|© UNICEF video|
|Youth journalists take to the street to shoot one-minute videos on child rights during the Council for Human and Social Development meeting in Guyana.|
NEW YORK, USA, Guyana, 25 March 2008 – It’s time for action, not just talk: That was the message young journalists brought to the Caribbean Community’s Council for Human and Social Development (COHSOD) meeting last week in Georgetown, Guyana.
The youth delegates spoke out at the meeting – and showed off their video production skills – through a 15-minute TV news bulletin and a compilation of one-minute videos on corporal punishment, child labour, access to quality education and other issues of concern to them.
This second COHSOD special session on children was convened to discuss the many challenges faced by Caribbean children and young people, including early childhood development, child Protection, HIV/AIDS, and infant and maternal mortality.
The timing of the session – just after the halfway point to 2015, the target date set for realization of the Millennium Development Goals – was especially significant. For the Caribbean Community, it is a time to assess what progress has been made in achieving the MDGs and ensuring that child rights are supported by legislation and implemented in member states.
An on-site ‘media lab’
Youth journalists from Guyana, Suriname, and Trinidad and Tobago presented the conference with an informative range of videos produced via new technology known as The Digital Playground. This easy-to-use computer application allows users with even the most basic computer skills to make short, professional-quality videos.
The workshop where children produced their videos during the COHSOD meeting was organized in collaboration with Back Lot, a UNICEF-supported non-governmental organization. Working with just a digital camera and a laptop computer, participants had to complete each one-minute video within a one-hour period, with no outside input.
|© UNICEF video|
|Young people speak at the Council for Human and Social Development meeting.|
The youth newscast was also developed in the ‘media lab’ set up to accommodate young journalists during the three-day meeting.
“I think the presentation the adolescents have made today was of high impact for all the participants,” said UNICEF’s Regional Director for Latin America and the Caribbean, Nils Kastberg. “It was lively, it was dynamic and it addressed issues that normally many don’t want to talk about. And I think it’s very important to bring that fresh air into the conference rooms.”
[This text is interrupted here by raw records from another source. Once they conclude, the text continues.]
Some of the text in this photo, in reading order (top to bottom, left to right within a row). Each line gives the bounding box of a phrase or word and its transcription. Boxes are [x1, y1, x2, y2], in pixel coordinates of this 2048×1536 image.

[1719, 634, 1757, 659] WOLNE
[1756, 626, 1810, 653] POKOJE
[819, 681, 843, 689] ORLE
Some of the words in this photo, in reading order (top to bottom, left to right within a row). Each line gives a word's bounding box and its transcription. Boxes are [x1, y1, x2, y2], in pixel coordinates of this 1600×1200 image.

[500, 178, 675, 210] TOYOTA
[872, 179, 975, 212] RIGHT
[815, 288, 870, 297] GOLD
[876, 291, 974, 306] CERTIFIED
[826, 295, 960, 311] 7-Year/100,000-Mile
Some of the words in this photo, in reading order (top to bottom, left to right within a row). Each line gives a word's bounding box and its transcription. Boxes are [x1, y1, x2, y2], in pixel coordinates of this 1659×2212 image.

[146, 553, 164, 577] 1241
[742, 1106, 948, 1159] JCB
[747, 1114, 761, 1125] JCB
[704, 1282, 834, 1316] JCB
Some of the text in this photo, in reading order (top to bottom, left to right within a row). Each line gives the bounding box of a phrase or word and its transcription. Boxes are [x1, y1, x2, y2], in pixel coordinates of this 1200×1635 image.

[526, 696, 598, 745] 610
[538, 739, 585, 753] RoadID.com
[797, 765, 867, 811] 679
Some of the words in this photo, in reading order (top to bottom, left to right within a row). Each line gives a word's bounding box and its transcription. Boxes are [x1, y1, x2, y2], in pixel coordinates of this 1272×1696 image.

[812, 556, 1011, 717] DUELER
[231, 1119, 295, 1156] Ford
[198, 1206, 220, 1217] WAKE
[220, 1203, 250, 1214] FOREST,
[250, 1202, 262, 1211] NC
The right to a protective environment
In his remarks at the meeting, Mr. Kastberg pointed out that the Caribbean region has the world’s highest rate of homicides among 15- to 17-year-olds, as well as 42 per cent of the world’s gun homicides. In addition, he said, Latin America and the Caribbean have the world’s second highest teenage pregnancy rate, partly as a result of widespread sexual violence against girls.
Youth delegates to the COHSOD meeting – who live with these realities daily – called on government leaders to take action on the changes needed to improve young lives.
At the end of the meeting, ministers of the member states agreed to a programme of action aimed at improving the well-being of children throughout the Caribbean Community. In a far-reaching document entitled ‘The Georgetown Declaration’, they committed themselves to helping children realize the rights enshrined in the Convention on the Rights of the Child – including their right to live in a safe and protective environment, in order to grow into secure and socially productive adults.